Only the lines from the one that includes "this 1280×960 image." through the last line below belong in the reply, copied exactly and without pictures.

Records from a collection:

###

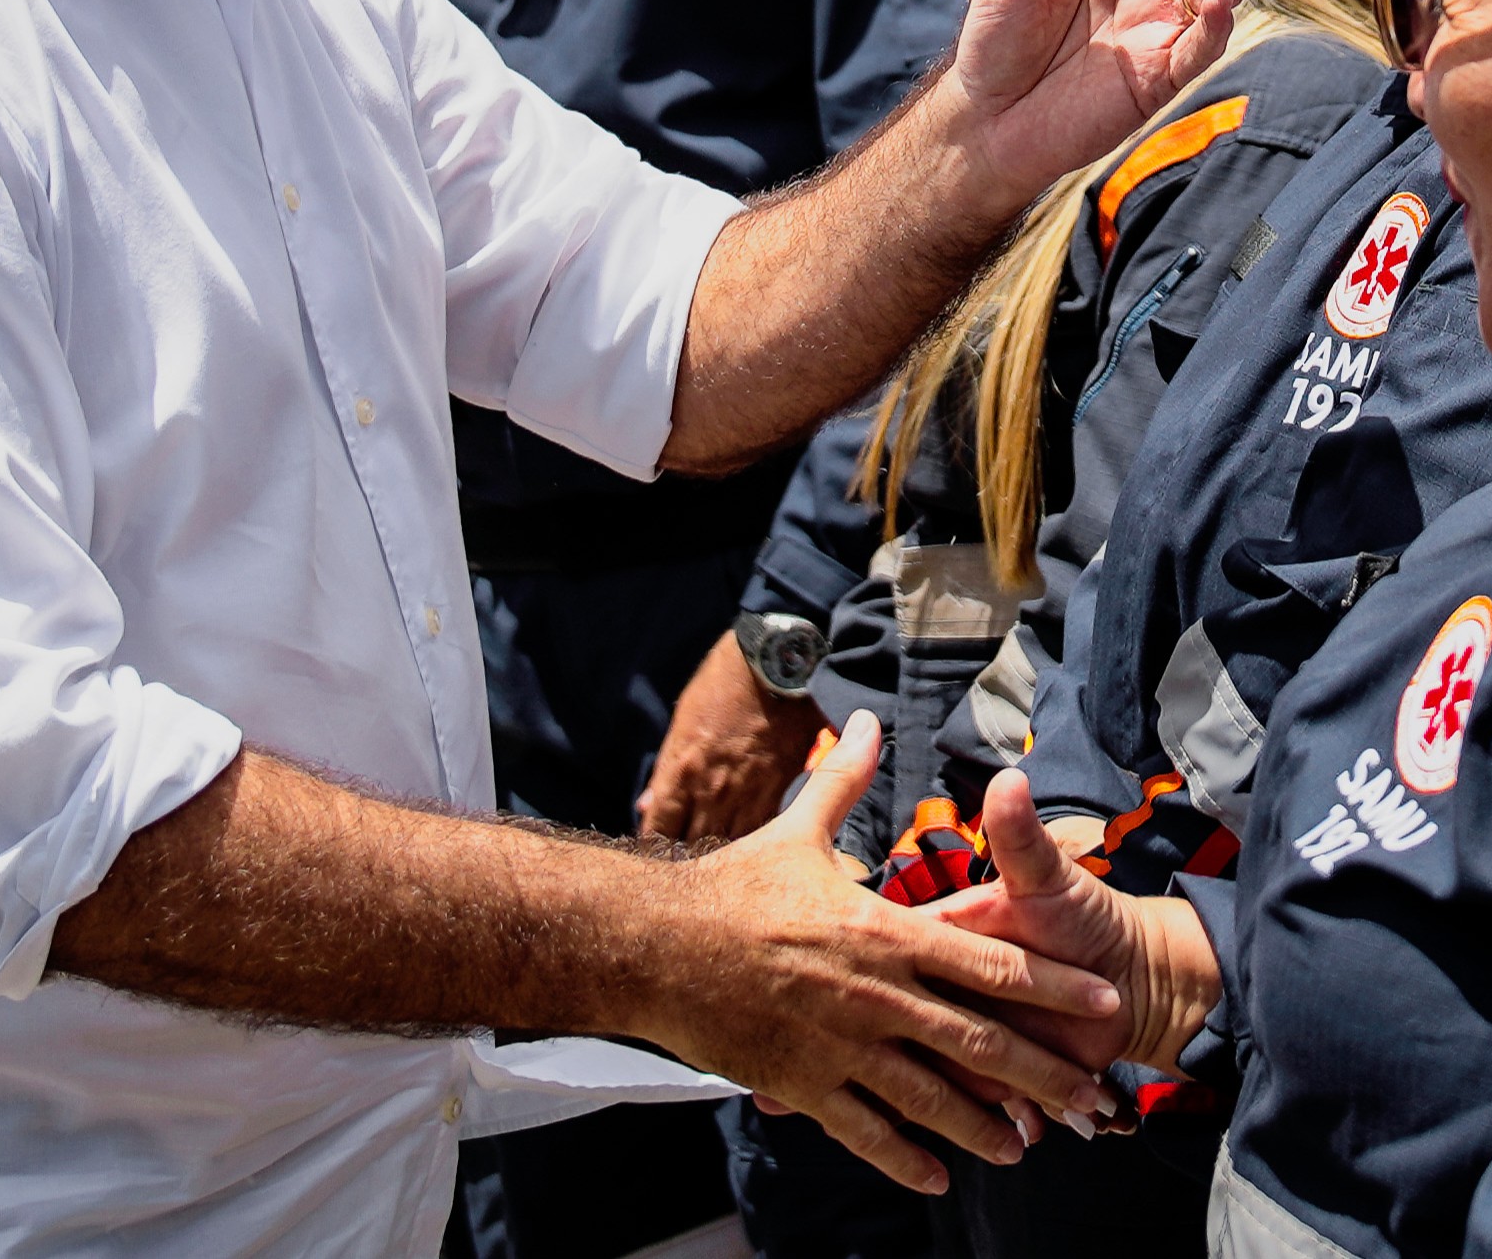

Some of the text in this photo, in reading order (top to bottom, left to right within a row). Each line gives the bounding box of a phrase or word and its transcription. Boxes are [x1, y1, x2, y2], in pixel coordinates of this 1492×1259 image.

[1282, 377, 1363, 433] 192
[1336, 747, 1439, 852] SAMU
[1293, 803, 1370, 878] 192
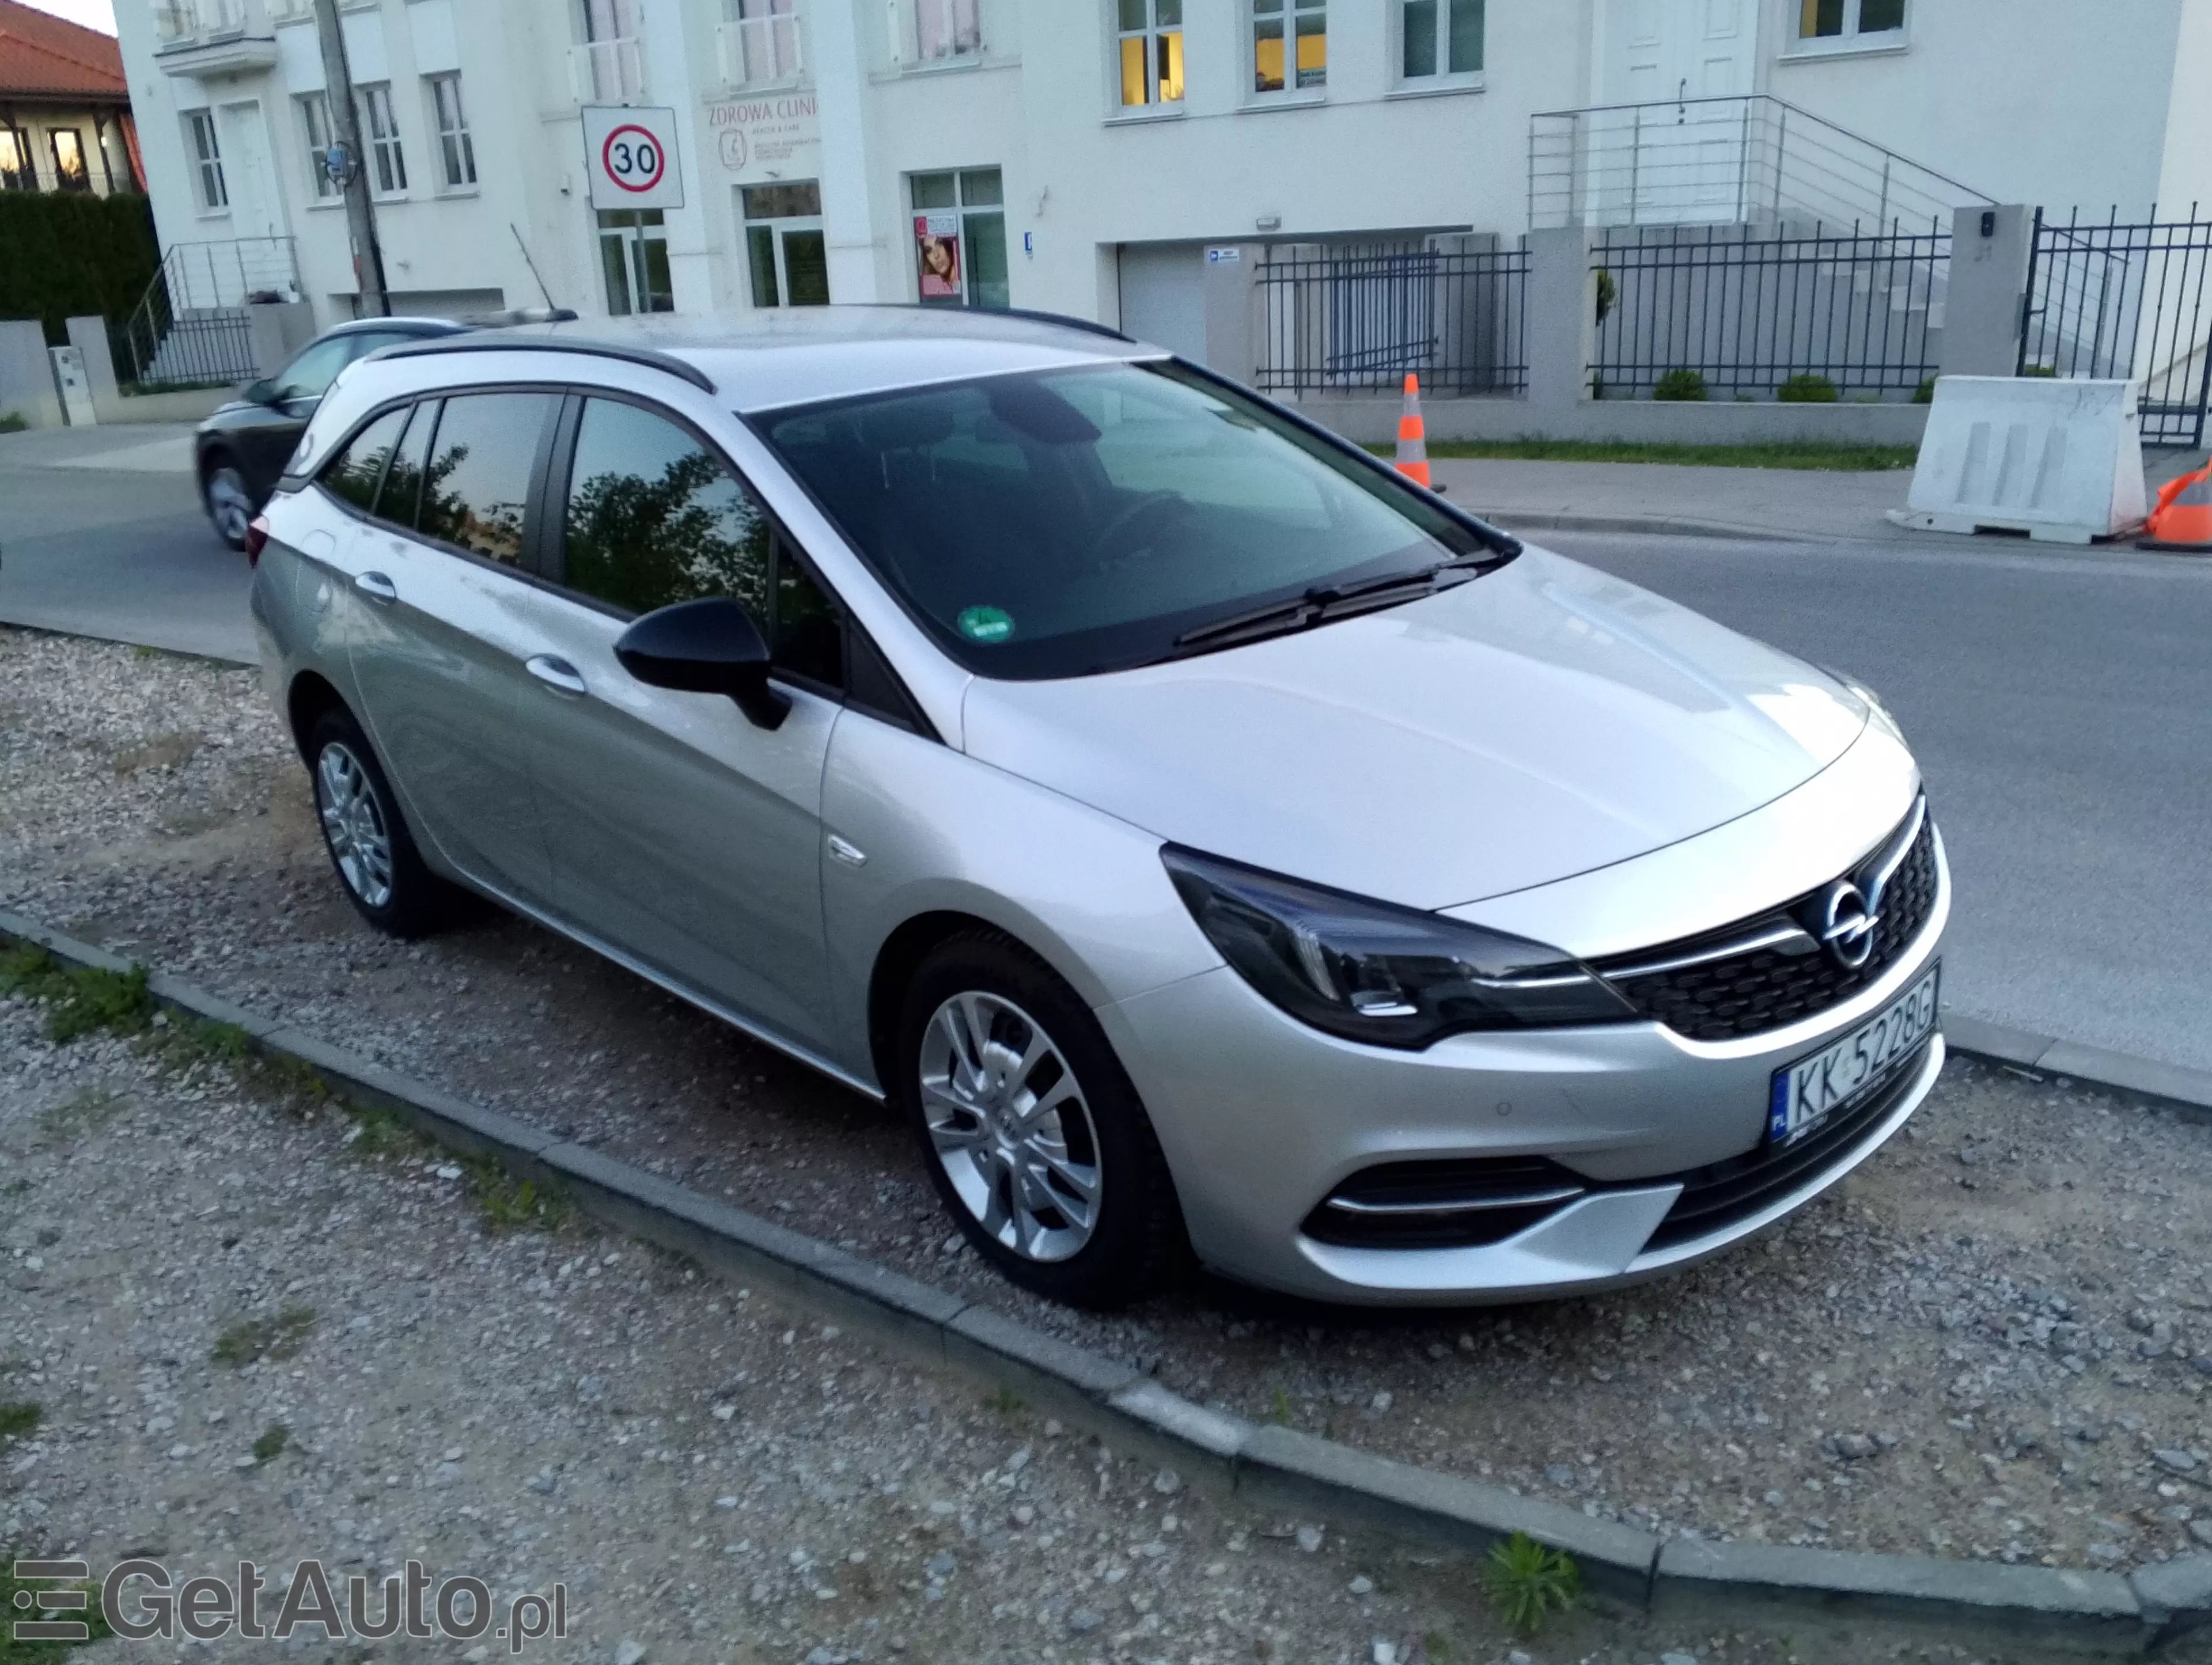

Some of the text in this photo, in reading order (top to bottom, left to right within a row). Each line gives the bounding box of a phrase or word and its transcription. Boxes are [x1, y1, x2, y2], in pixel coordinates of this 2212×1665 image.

[708, 97, 819, 127] ZDROWA CLINI
[613, 142, 656, 174] 30
[1796, 980, 1932, 1124] KK 5228G
[1771, 1113, 1787, 1132] PL
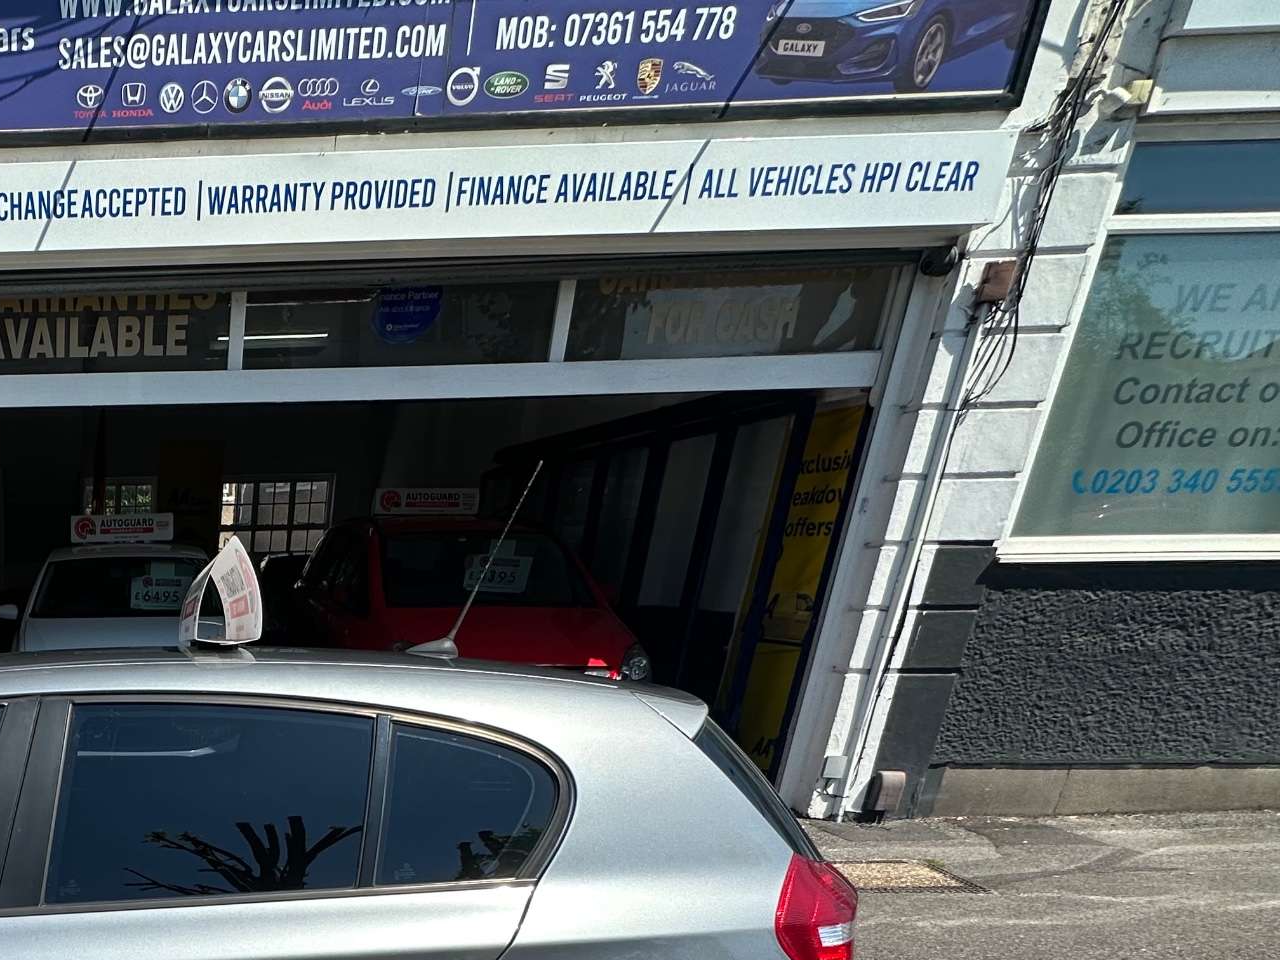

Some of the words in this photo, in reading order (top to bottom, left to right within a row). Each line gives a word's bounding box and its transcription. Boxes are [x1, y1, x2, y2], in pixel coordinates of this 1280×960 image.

[496, 15, 557, 51] MOB:
[563, 10, 640, 47] 07361
[641, 7, 690, 44] 554
[691, 6, 737, 42] 778
[58, 24, 447, 70] SALES@GALAXYCARSLIMITED.COM
[783, 42, 819, 53] GALAXY
[493, 77, 517, 86] LAND
[664, 79, 717, 93] JAGUAR
[493, 84, 522, 94] ROVER
[261, 91, 293, 99] NISSAN
[579, 93, 628, 102] PEUGEOT
[302, 100, 332, 111] Audi
[343, 96, 395, 106] LEXUS
[111, 109, 154, 118] HONDA
[81, 187, 186, 219] ACCEPTED
[207, 181, 326, 215] WARRANTY
[330, 178, 436, 211] PROVIDED
[456, 174, 553, 206] FINANCE
[555, 169, 677, 203] AVAILABLE
[698, 167, 739, 199] ALL
[748, 164, 853, 197] VEHICLES
[858, 162, 901, 193] HPI
[906, 160, 979, 193] CLEAR
[1174, 284, 1237, 313] WE
[1113, 376, 1250, 406] Contact
[1115, 420, 1217, 449] Office
[1090, 468, 1160, 495] 0203
[1167, 467, 1220, 494] 340
[405, 492, 461, 501] AUTOGUARD
[100, 518, 155, 528] AUTOGUARD
[784, 516, 834, 537] offers
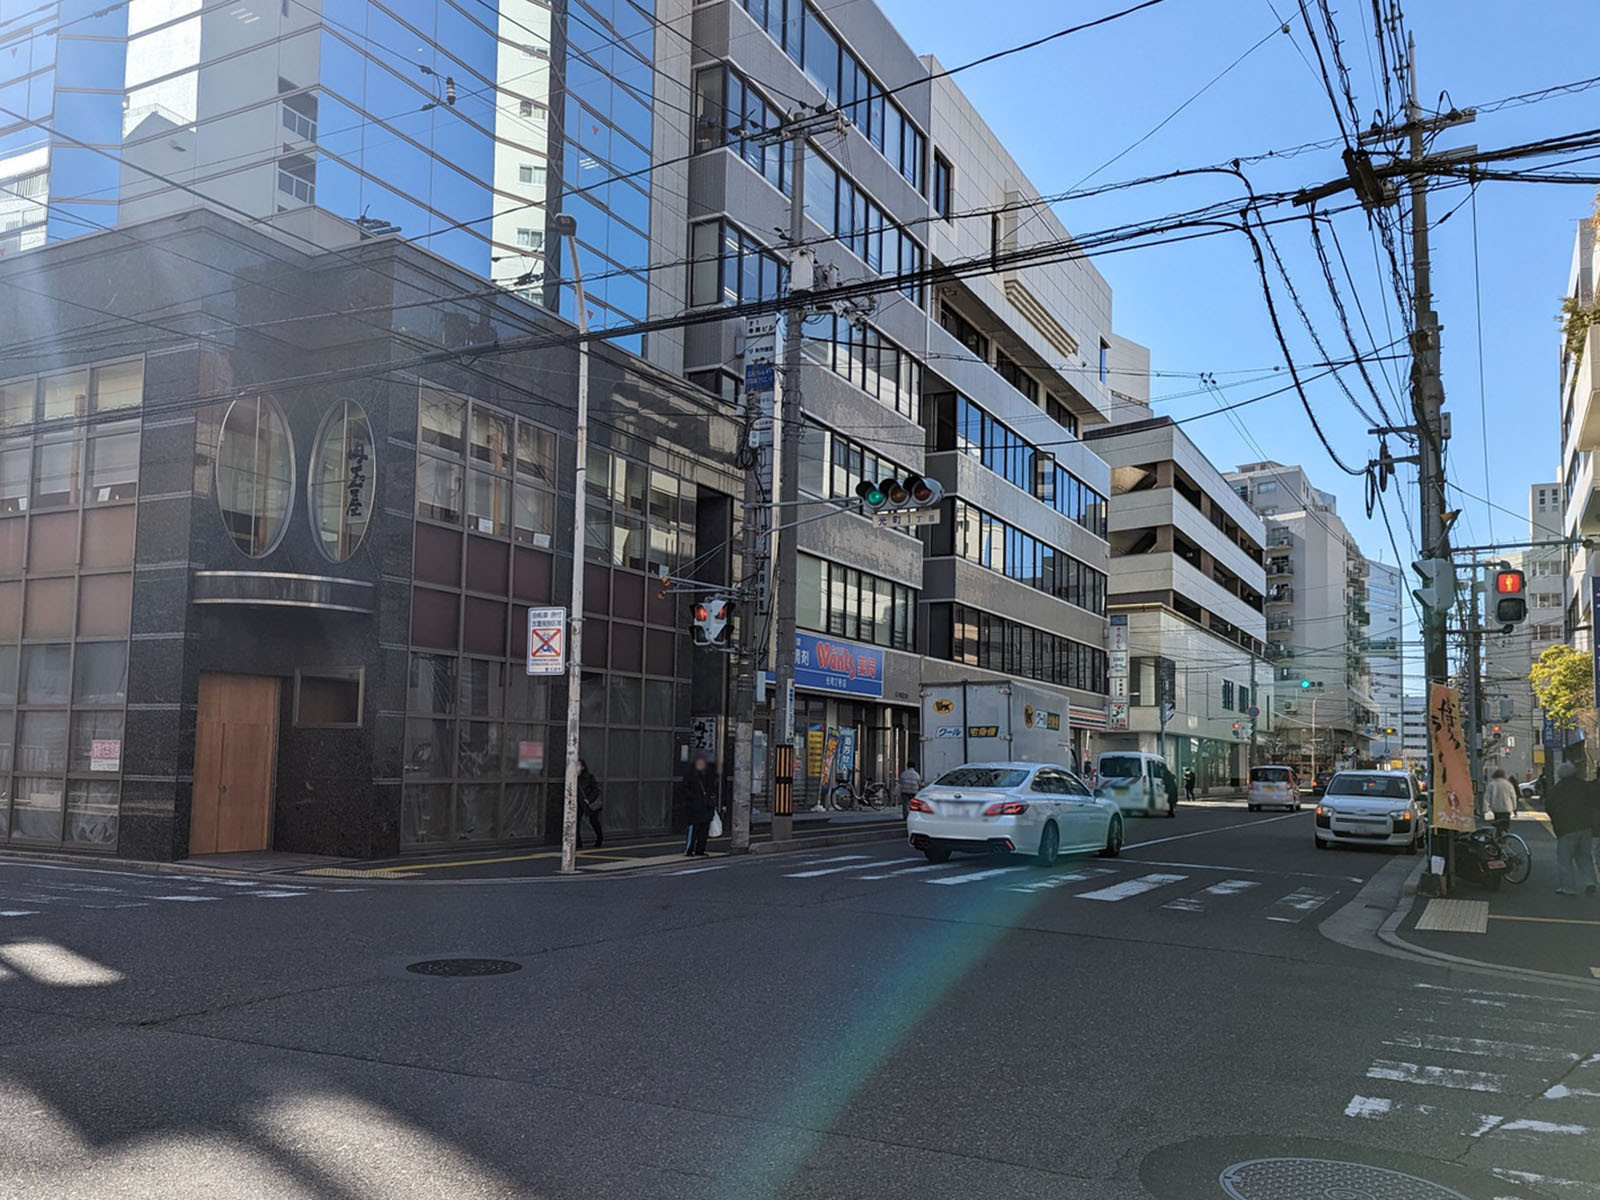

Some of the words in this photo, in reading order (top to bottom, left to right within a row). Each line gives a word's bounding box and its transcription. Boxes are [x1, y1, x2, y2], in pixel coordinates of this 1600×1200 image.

[878, 514, 935, 526] 光町1丁目
[938, 727, 962, 738] クール

###

■ Written response ■
Some of the words in this photo, in reading order (top to bottom, left to right within a row). Each line gives a word's bounding box and its transcription. Boxes are [x1, y1, x2, y2], in pixel coordinates of this 1280×960 image.

[496, 15, 557, 51] MOB:
[563, 10, 640, 47] 07361
[641, 7, 690, 44] 554
[691, 6, 737, 42] 778
[58, 24, 447, 70] SALES@GALAXYCARSLIMITED.COM
[783, 42, 819, 53] GALAXY
[493, 77, 517, 86] LAND
[664, 79, 717, 93] JAGUAR
[493, 84, 522, 94] ROVER
[261, 91, 293, 99] NISSAN
[579, 93, 628, 102] PEUGEOT
[302, 100, 332, 111] Audi
[343, 96, 395, 106] LEXUS
[111, 109, 154, 118] HONDA
[81, 187, 186, 219] ACCEPTED
[207, 181, 326, 215] WARRANTY
[330, 178, 436, 211] PROVIDED
[456, 174, 553, 206] FINANCE
[555, 169, 677, 203] AVAILABLE
[698, 167, 739, 199] ALL
[748, 164, 853, 197] VEHICLES
[858, 162, 901, 193] HPI
[906, 160, 979, 193] CLEAR
[1174, 284, 1237, 313] WE
[1113, 376, 1250, 406] Contact
[1115, 420, 1217, 449] Office
[1090, 468, 1160, 495] 0203
[1167, 467, 1220, 494] 340
[405, 492, 461, 501] AUTOGUARD
[100, 518, 155, 528] AUTOGUARD
[784, 516, 834, 537] offers

Some of the words in this photo, in reading order (top to bottom, left to right within a row). Each line gives a word's bounding box and its transcription. Boxes are [x1, y1, x2, y2], in pixel coordinates of this 1600×1200 image.

[878, 514, 935, 526] 光町1丁目
[938, 727, 962, 738] クール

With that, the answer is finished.